Every day there are cases argued in the courts of the United States, there are plaintiffs, prosecutors and defendants, there are juries and it all comes to rest with a final verdict. Guilty. Or not guilty.
All of these cases are strengthened by the presence of witnesses and evidence; but not all of these are admissible in court. Admissible evidence is only the one that is relevant to the particular case, and that is what is known by relevance of legal evidence.
Relevant Evidence Definition
The meaning of relevance in the legal jargon is as to how relevant and aligned the fact or evidence is with the case at hand. Or, if there are two facts presented side by side, how relevant are they to each other and then to the case.
The concept of relevance is further classified as being legally or logically relevant. For instance, if an evidence is not obtained legally, it may not be admissible in court. The other party can call you out on the evidence and have it removed from the case. Logically, if the presence of the evidence at the crime scene or regarding the case makes sense, then the evidence is known as relevant and is admissible in court.
Admissibility and Relevance
A further condition must be fulfilled for evidence in lawful procedures. There are legitimate principles that forbid evidence from being introduced at a trial despite the fact that it is relevant and has material contribution to the case at hand. These are rules that can make an evidence inadmissible and can have a judge bar it from the case.
Two instances of such guidelines of admissibility are hearsay evidence and the rule against character evidence. Here, once more, the phrasing is loose. Admissibility and receivability are not unmistakably recognized. It is basic for unessential proof, or proof of an irrelevant actuality to be portrayed as illegal. This means the court will exclude the evidence if it is irrelevant or immaterial.
However, significantly, there are other cases where evidence is excluded- other than on the grounds of being irrelevant or immaterial. In the United States, Federal Rule of Evidence 404(a)(1) bars the utilization of proof of an individual’s character ‘to demonstrate that on a specific event the individual acted as per the character’ and Federal Rule of Evidence 404(b)(1) gives that proof of a wrongdoing or crime.
It is still doubtful that proof of an individual’s character and past conduct can have no probabilistic bearing on his conduct on a specific event; on a probabilistic origination of importance, it is hard to perceive any reason why the evidence is not relevant.
What is an Example of Relevant Evidence?
There are many examples within the courtroom and among cases which give us an idea about what sort of evidence is relevant, and admissible.
Nathan is accused of stealing a lot of liquor from the departmental store, the night before his birthday party. The prosecution wants to present evidence that explains the motive behind stealing liquor: the accused is underrage and wanted to celebrate his birthday with his friends. This evidence is relevant, thus admissible in court.
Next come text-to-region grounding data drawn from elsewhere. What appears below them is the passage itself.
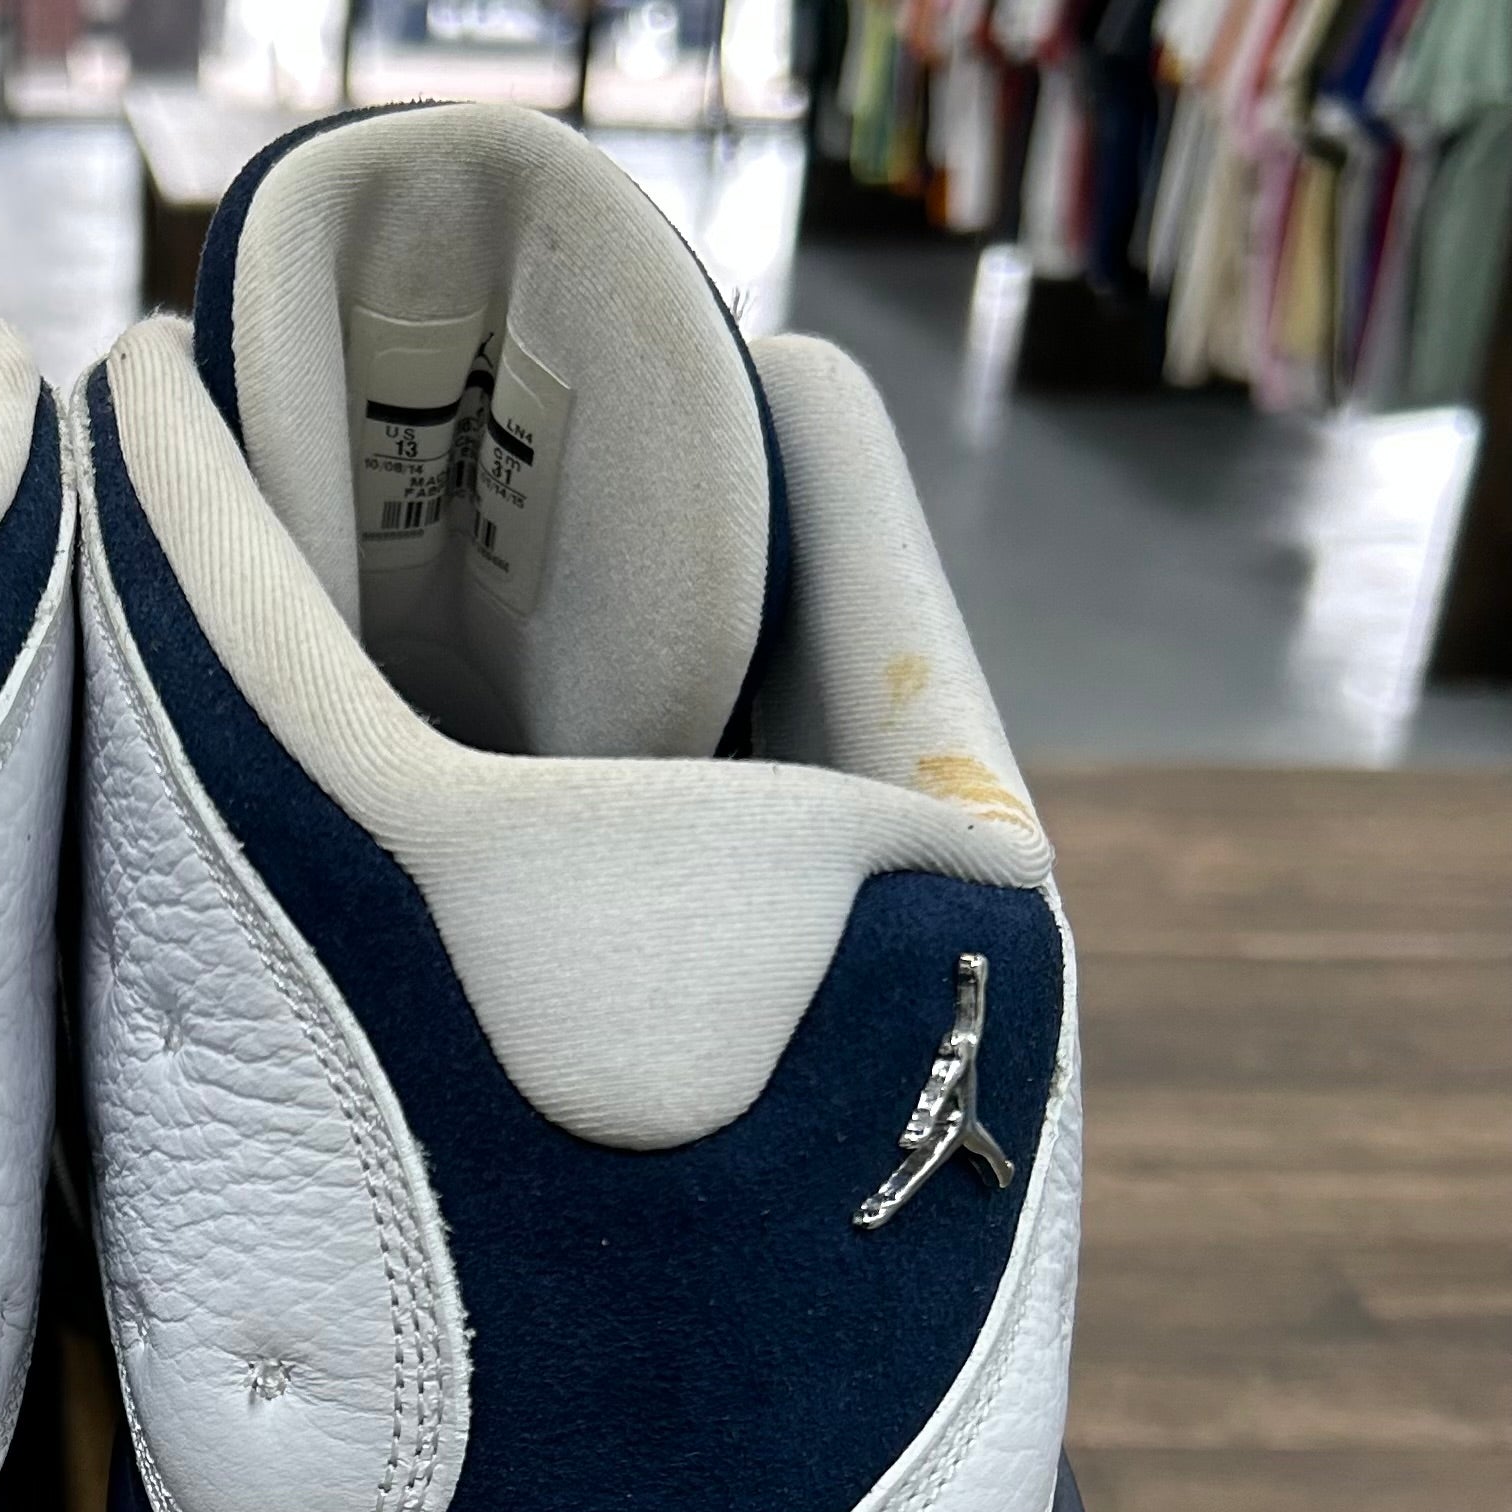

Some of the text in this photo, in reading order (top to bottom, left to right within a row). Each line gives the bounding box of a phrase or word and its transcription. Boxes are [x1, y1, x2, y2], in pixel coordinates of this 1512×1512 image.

[385, 425, 416, 441] US
[507, 418, 534, 445] LN4
[396, 439, 418, 458] 13
[493, 447, 522, 473] cm
[491, 460, 513, 486] 31
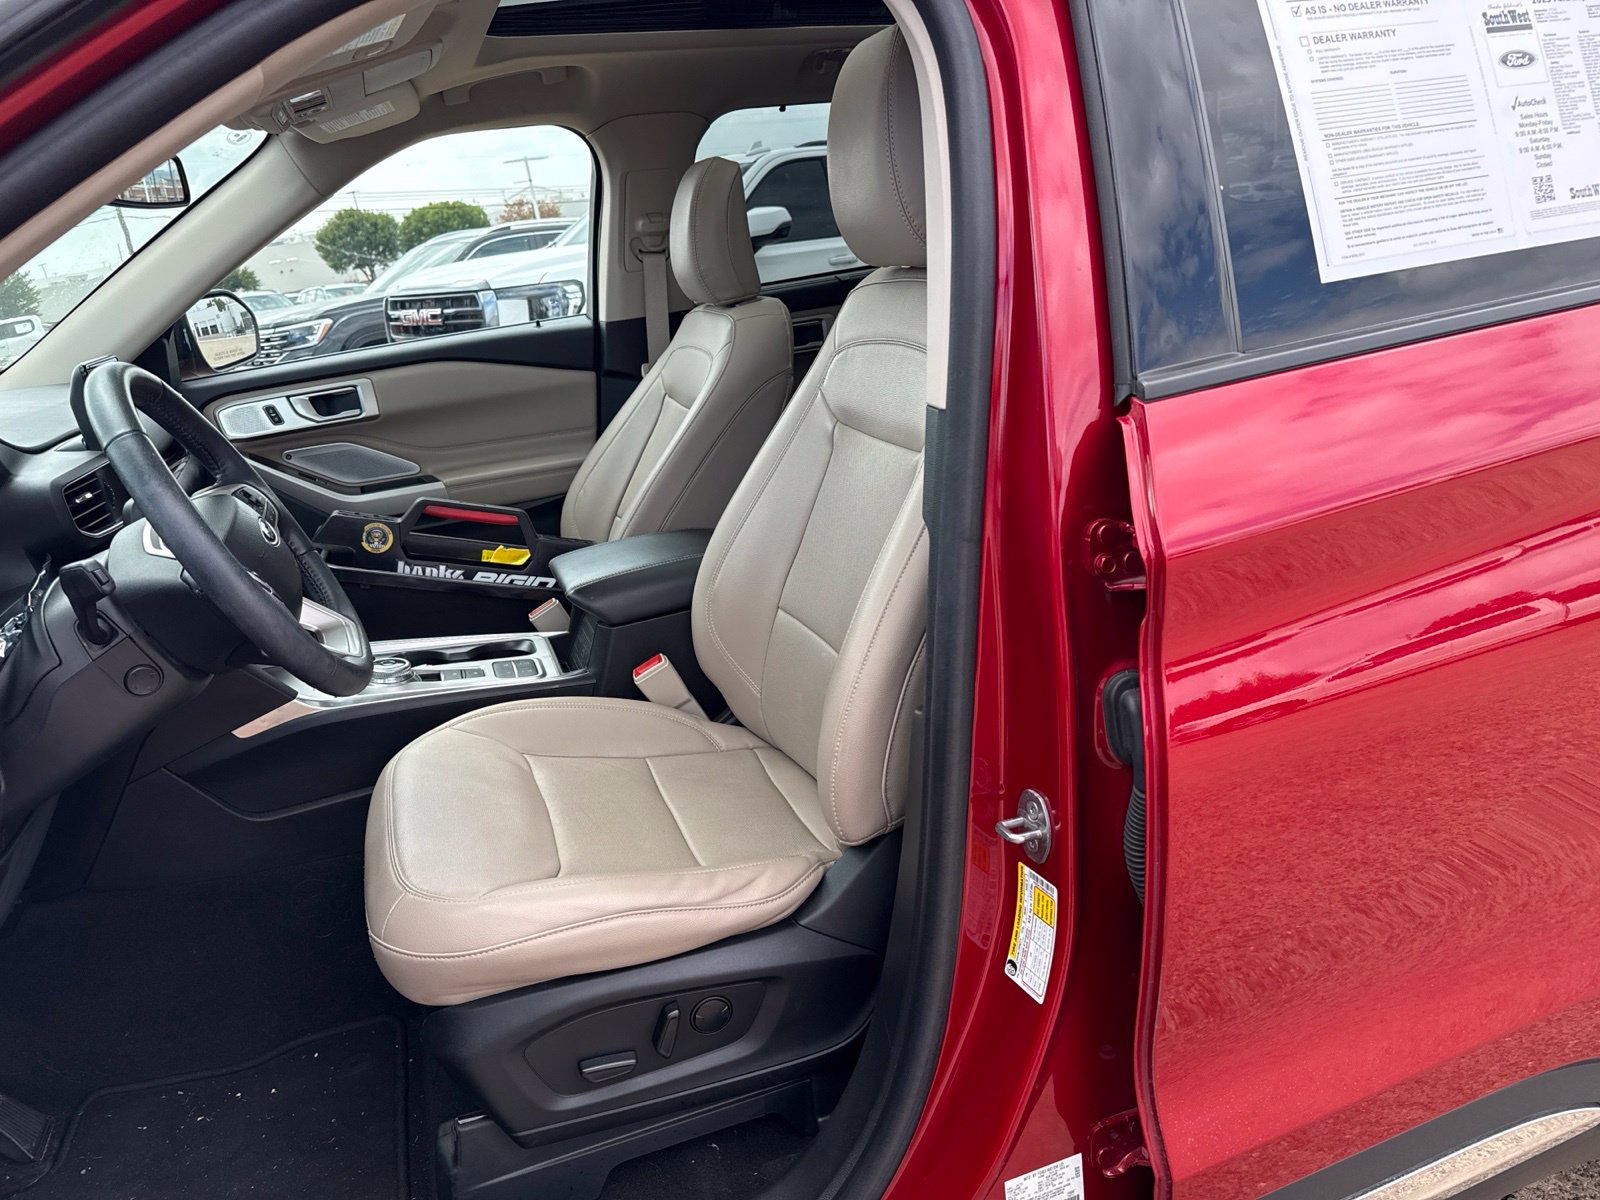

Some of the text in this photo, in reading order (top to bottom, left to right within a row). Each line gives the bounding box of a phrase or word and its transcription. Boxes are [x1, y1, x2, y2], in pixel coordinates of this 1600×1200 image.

[1305, 6, 1317, 15] AS
[1318, 5, 1327, 14] IS
[1333, 3, 1347, 12] NO
[1348, 0, 1382, 11] DEALER
[1313, 28, 1396, 45] DEALER WARRANTY
[1506, 53, 1530, 67] Ford
[400, 307, 443, 326] GMC
Taking the example of the same case: now the prosecution wants to ask the manager of the store to tell the jury how many items have been stolen in the past couple of months and how many have been beers and alcohol? This doesn’t tie directly to Nathan’s case, so the evidence is irrelevant and inadmissible in court.
Skylar is charged with drunk driving, now prosecution wants to provide evidence that he is an active member of the street gang. The evidence is irrelevant because drunk driving has nothing to do with criminal activities on the street. So this evidence is inadmissible in court.
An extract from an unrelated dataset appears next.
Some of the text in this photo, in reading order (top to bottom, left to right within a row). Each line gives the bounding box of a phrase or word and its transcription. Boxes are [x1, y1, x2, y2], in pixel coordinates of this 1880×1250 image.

Markian is charged with car theft, he was arrested from home where he had friends over who were doing drugs. The prosecution wants to bring in evidence that they found marijuana in the house. Unless they can prove that the drugs were somehow involved in the theft, the evidence is irrelevant thus inadmissible in court.
It is common sense really; unless the evidence is relevant to the defendant and the case, the prosecutor can’t bring in any evidence. The judge will rule it out and it will be considered inadmissible in court- meaning excluded from the reports and that particular evidence will not impact the verdict in any case.
Moreover, if the evidence seems irrelevant at the start but later connects on with the case; either legally or logically, can then be added to the evidence list and be deemed as admissible. There are different cases how this might be possible; if a case can describe the motive for a person to commit a certain crime, it is admissible and relevant in front of the jury.